Este é o significado original. Dele derivaram outros, entre os quais justamente o que nos interessa e que também consta no Aurélio: "dispositivo físico ou lógico que faz a adaptação entre dois sistemas". Fiquemos, então, com este último conceito. Temos dois sistemas: o disco rígido em si mesmo, com informações armazenadas sob a forma de pontos imantados em suas superfícies magnéticas, e a placa-mãe do computador, com CPU, memória e demais circuitos que acessam aquelas informações sob a forma de bytes. O que precisamos, evidentemente, é de algo que se interponha entre estes dois sistemas e seja capaz de traduzir os pontos imantados em bytes e vice-versa, além de transmitir comandos emitidos pela CPU para o disco rígido de forma que ele os "entenda" e possa obedecê-los. Em suma: precisamos de um dispositivo físico ou lógico que faça a adaptação entre os dois sistemas. Logo, segundo o Aurélio, precisamos de uma interface. No caso, uma placa física de circuitos eletrônicos que possa ser ligada á placa-mãe (encaixando-a em um dos slots) e ao drive (através de cabos elétricos) contendo as informações lógicas para trocar dados e comandos entre os dois sistemas.

O disco rígido que equipou o XT em 1983 foi desenvolvido em 1980 pela Seagate. Era o ST-506, um trambolho do tamanho de dois drives de 5"1/4 empilhados um sobre o outro, que armazenava cinco megabytes. Por se tratar do primeiro disco rígido usado em um PC, sua interface foi desenvolvida especialmente e não fazia sentido comprá-la sem o drive ou vice-versa. Por isso não tinha nome especial: era conhecida como "a interface do drive ST-506", ou interface ST-506. Um ano depois a mesma Seagate lançou o ST-412, um disco rígido de dez megabytes. Que, alem da maior capacidade, pouco diferia de seu irmão mais velho. Por isso não foi preciso desenvolver uma nova interface para ele, já que pequenas adaptações bastaram para tornar a ST-506 capaz de controlar ambos os drives. Desde então ela se tornou conhecida por "interface ST-506/412".

Tanto o ST-506 quanto o ST-412 usavam o esquema de codificação de dados MFM. A interface desenvolvida pela Seagate para eles era mais que satisfatória para os padrões da época. E se havia uma interface que funcionava satisfatoriamente, porque desenvolver outra para os mesmos dispositivos? Por isso, quando os demais fabricantes lançaram seus discos rígidos MFM, adotaram a solução da Seagate. O que fez da ST-506/412 aquilo que conhecemos por "padrão de fato", ou seja, algo que todo o mundo usa sem que ninguém tenha se dado ao trabalho de combinar que seria oficialmente um padrão.
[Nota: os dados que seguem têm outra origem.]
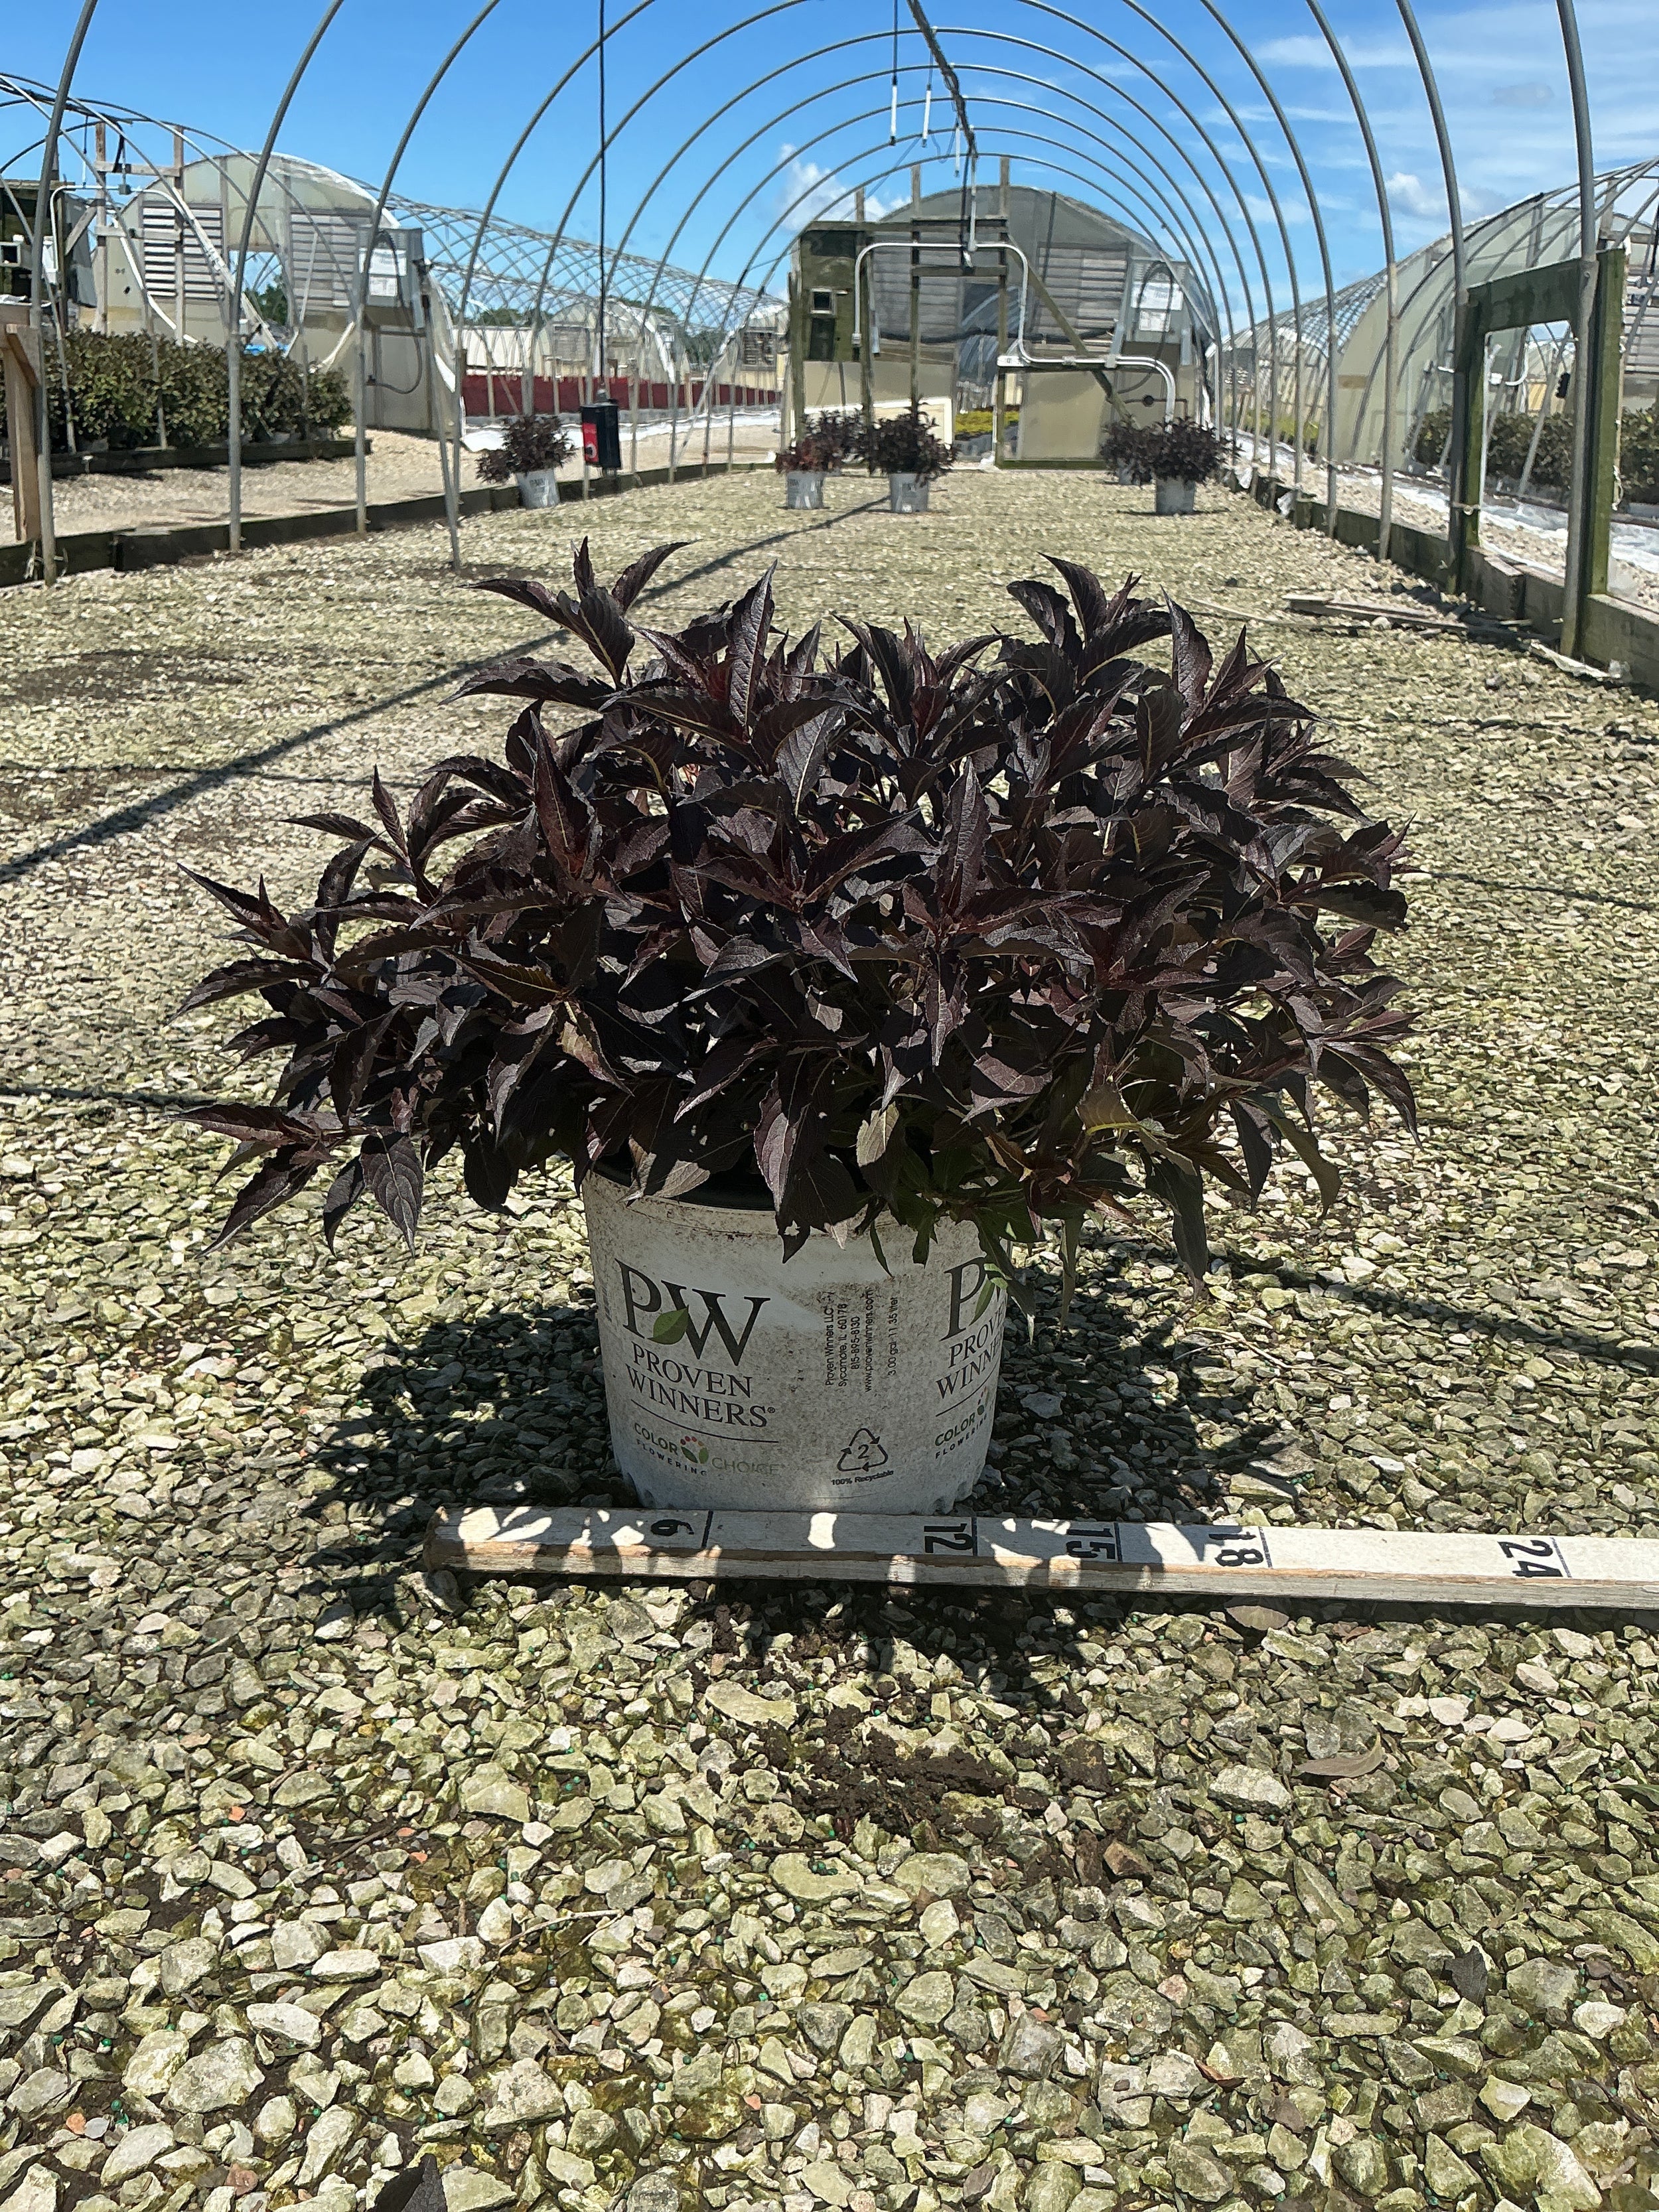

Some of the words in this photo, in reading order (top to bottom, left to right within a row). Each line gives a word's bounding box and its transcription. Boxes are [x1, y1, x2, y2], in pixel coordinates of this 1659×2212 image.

[614, 1258, 771, 1366] PW
[824, 1308, 834, 1323] LLC
[889, 1297, 898, 1312] liter
[939, 1256, 1001, 1341] P
[837, 1303, 848, 1329] 60178
[825, 1325, 834, 1357] Winners
[851, 1317, 860, 1370] 815-895-8130
[865, 1290, 874, 1392] www.provenwinners.com
[889, 1341, 899, 1355] gal
[631, 1341, 753, 1398] PROVEN
[825, 1358, 834, 1386] Proven
[838, 1343, 848, 1387] Sycamore,
[634, 1422, 678, 1456] COLOR
[935, 1412, 975, 1446] COLOR
[936, 1412, 987, 1459] FLOWERING
[636, 1439, 707, 1477] FLOWERING
[858, 1444, 870, 1459] 2
[855, 1470, 894, 1483] Recyclable
[651, 1519, 695, 1536] 6
[924, 1523, 974, 1554] 12
[1066, 1528, 1116, 1560] 15
[1208, 1531, 1263, 1567] 18
[1497, 1540, 1563, 1578] 24
Como vimos semana passada, a primeira evolução dos discos rígidos para PC foi o desenvolvimento do esquema de codificação de dados RLL, com o qual ganhou-se cerca de cinqüenta porcento a mais de capacidade através da compressão dos dados (na verdade ganhou-se um pouco mais que isso, já que discos MFM tinham dezessete setores de 512 bytes por trilha enquanto discos RLL, por trabalharem com dados comprimidos que ocupavam menos espaço, podiam espremer vinte e seis setores em cada trilha; note que, por razões ligadas às características do próprio padrão, o número de setores por trilha era fixo, portanto a capacidade dos discos de mesmo padrão variava exclusivamente em função do número de faces e de trilhas por face). Mas vimos também que a única diferença entre os esquemas MFM e RLL estava na codificação de dados. Na prática isso significava que suas interfaces diferiam apenas no endec, o chip dedicado à codificar e decodificar dados. O resultado disso é que a mesma interface ST-506/412 poderia controlar tanto os drives MFM quanto os RLL, bastando usar o endec correto na placa controladora. Por isso, durante anos a ST-506/412 reinou soberana como interface primeira e única para discos rígidos. Seu reinado somente foi ameaçado na segunda metade da década de 80, com o lançamento do padrão ESDI pela Maxtor.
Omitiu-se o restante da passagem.